START Provided records

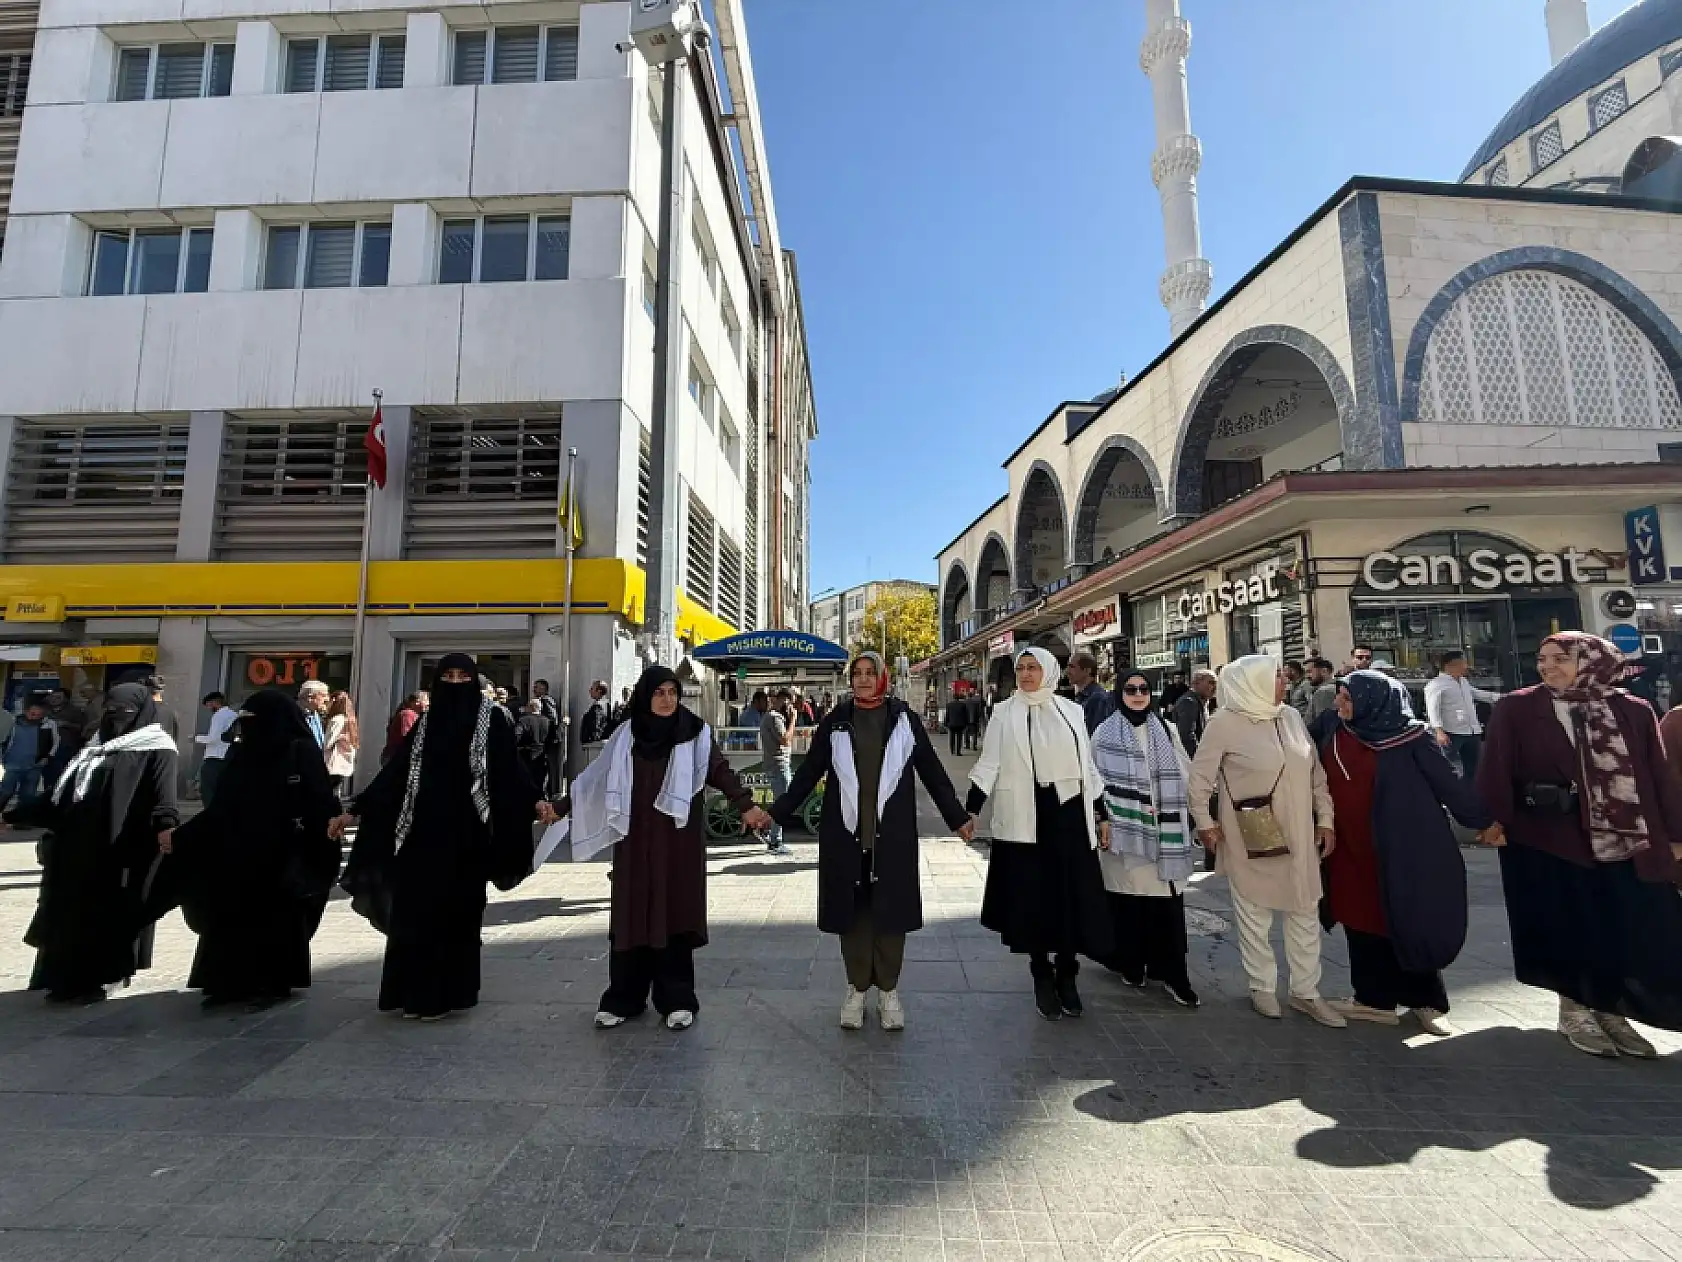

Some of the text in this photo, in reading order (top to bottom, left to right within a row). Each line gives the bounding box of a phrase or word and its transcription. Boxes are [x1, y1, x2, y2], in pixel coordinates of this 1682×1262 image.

[1363, 547, 1592, 591] Can Saat
[1633, 514, 1657, 577] KVK
[1179, 561, 1280, 620] Can Saat
[777, 636, 814, 654] AMCA
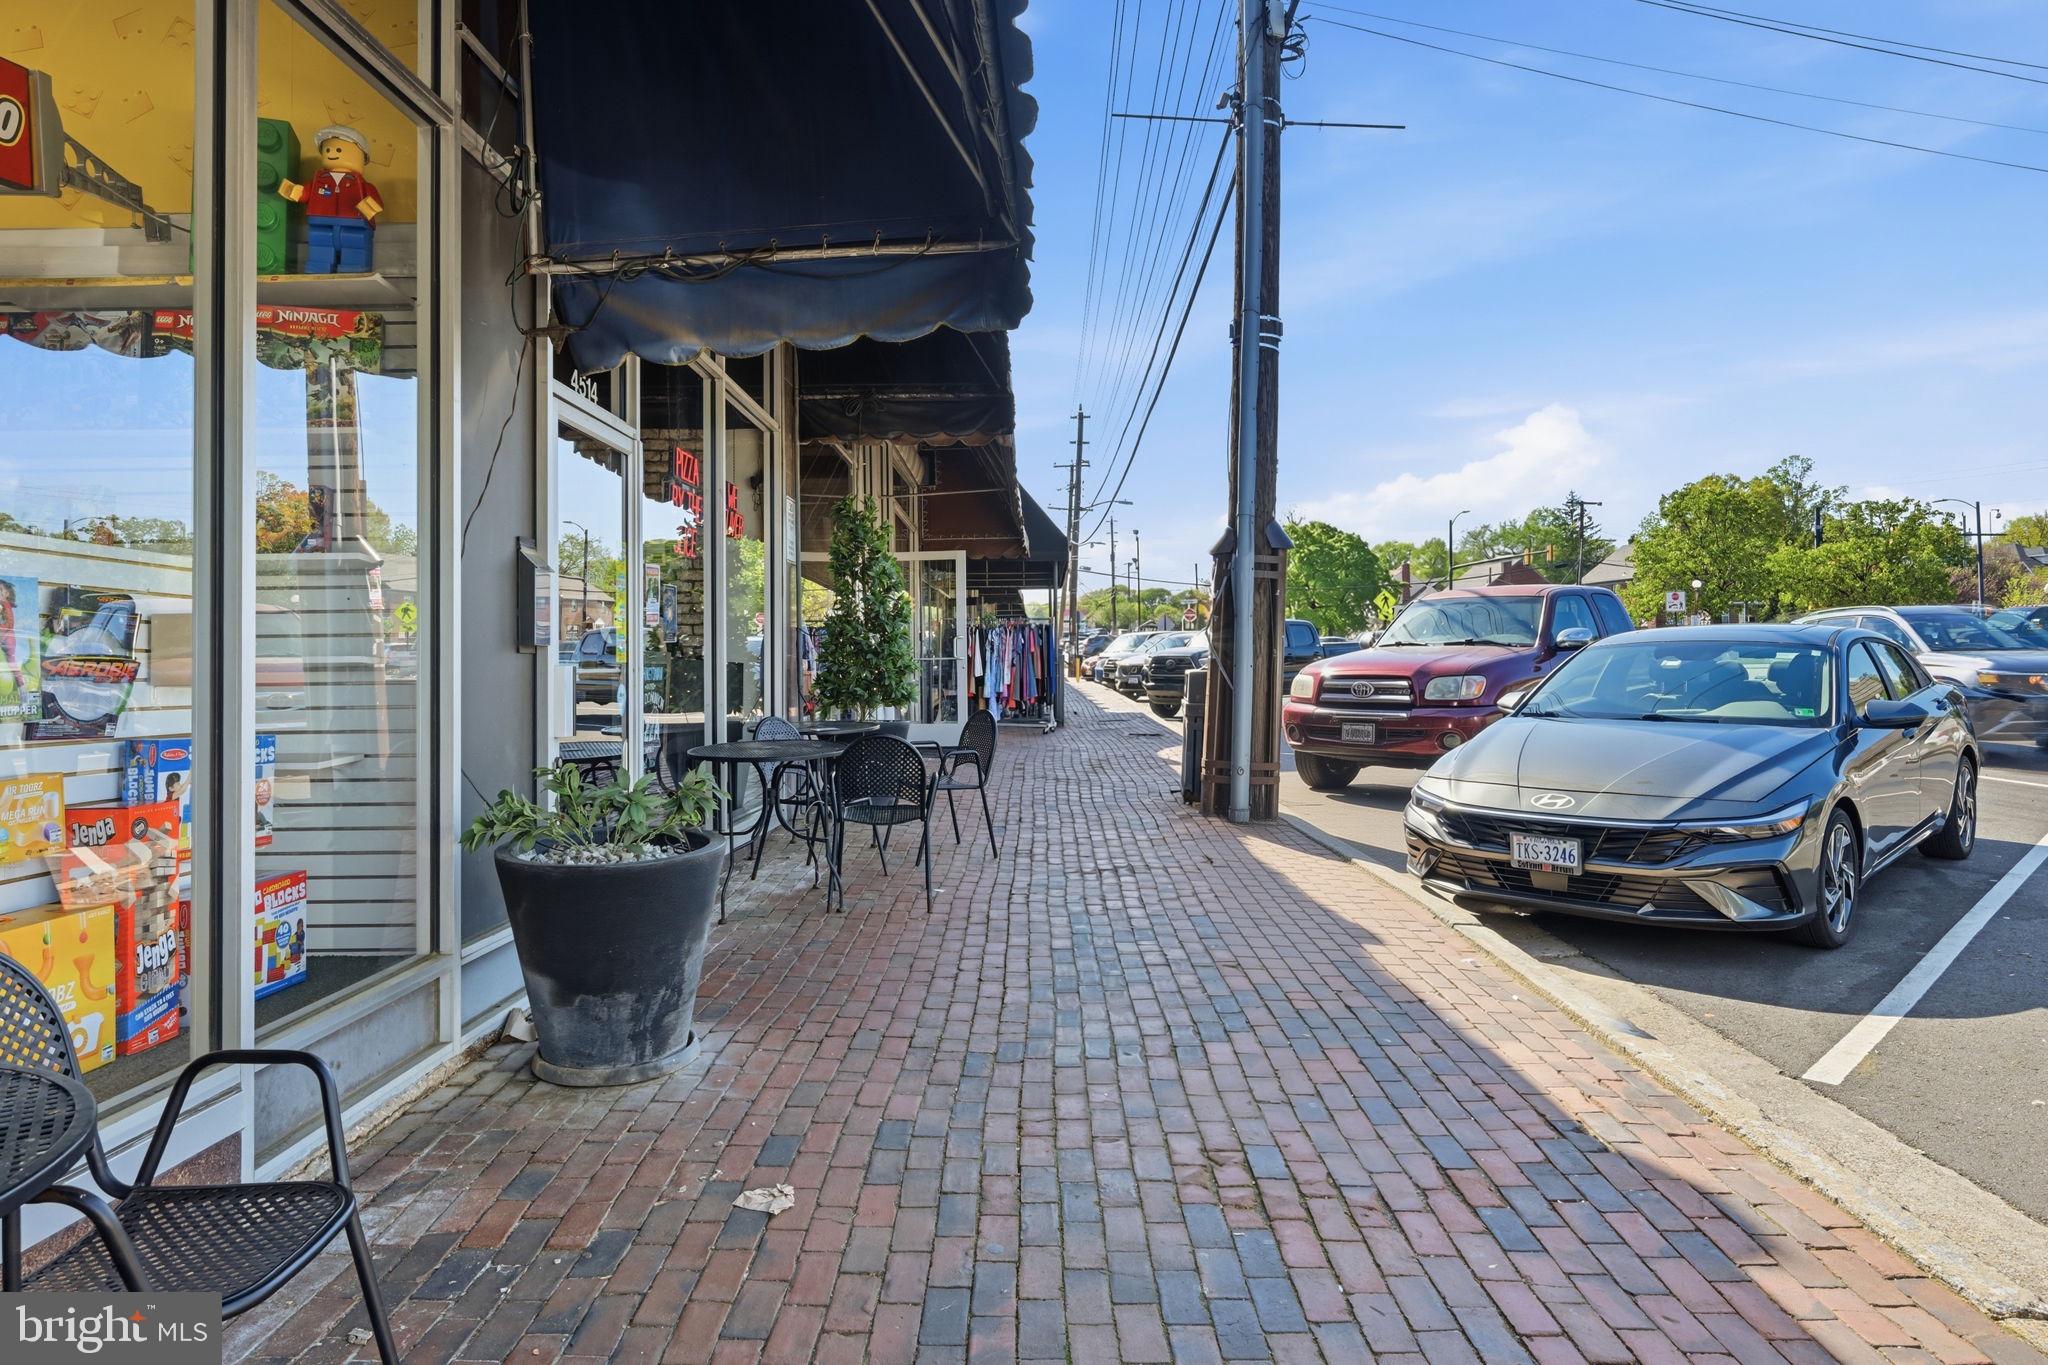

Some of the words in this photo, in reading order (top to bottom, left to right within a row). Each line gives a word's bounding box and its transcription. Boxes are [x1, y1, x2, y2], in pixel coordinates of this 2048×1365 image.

[274, 309, 341, 328] NINJAGO
[570, 368, 598, 405] 4514
[675, 446, 699, 487] PIZZA
[44, 660, 140, 677] AEROBIE
[255, 745, 275, 763] CKS
[72, 817, 116, 847] Jenga
[263, 882, 306, 909] BLOCKS
[277, 922, 289, 933] 40
[136, 929, 176, 974] Jenga

END Provided records

• Required action: Copy the entries exactly. No pictures.

• Result:
Some of the text in this photo, in reading order (top to bottom, left to right within a row). Each line gives the bounding box of a phrase or word and its transcription. Boxes are [x1, y1, x2, y2], in pixel coordinates of this 1682×1262 image.

[1363, 547, 1592, 591] Can Saat
[1633, 514, 1657, 577] KVK
[1179, 561, 1280, 620] Can Saat
[777, 636, 814, 654] AMCA

Some of the words in this photo, in reading order (top to bottom, left to right within a row). Each line gives a word's bounding box and its transcription. Boxes are [x1, y1, x2, y2], in pixel coordinates of this 2048×1365 image.

[274, 309, 341, 328] NINJAGO
[570, 368, 598, 405] 4514
[675, 446, 699, 487] PIZZA
[44, 660, 140, 677] AEROBIE
[255, 745, 275, 763] CKS
[72, 817, 116, 847] Jenga
[263, 882, 306, 909] BLOCKS
[277, 922, 289, 933] 40
[136, 929, 176, 974] Jenga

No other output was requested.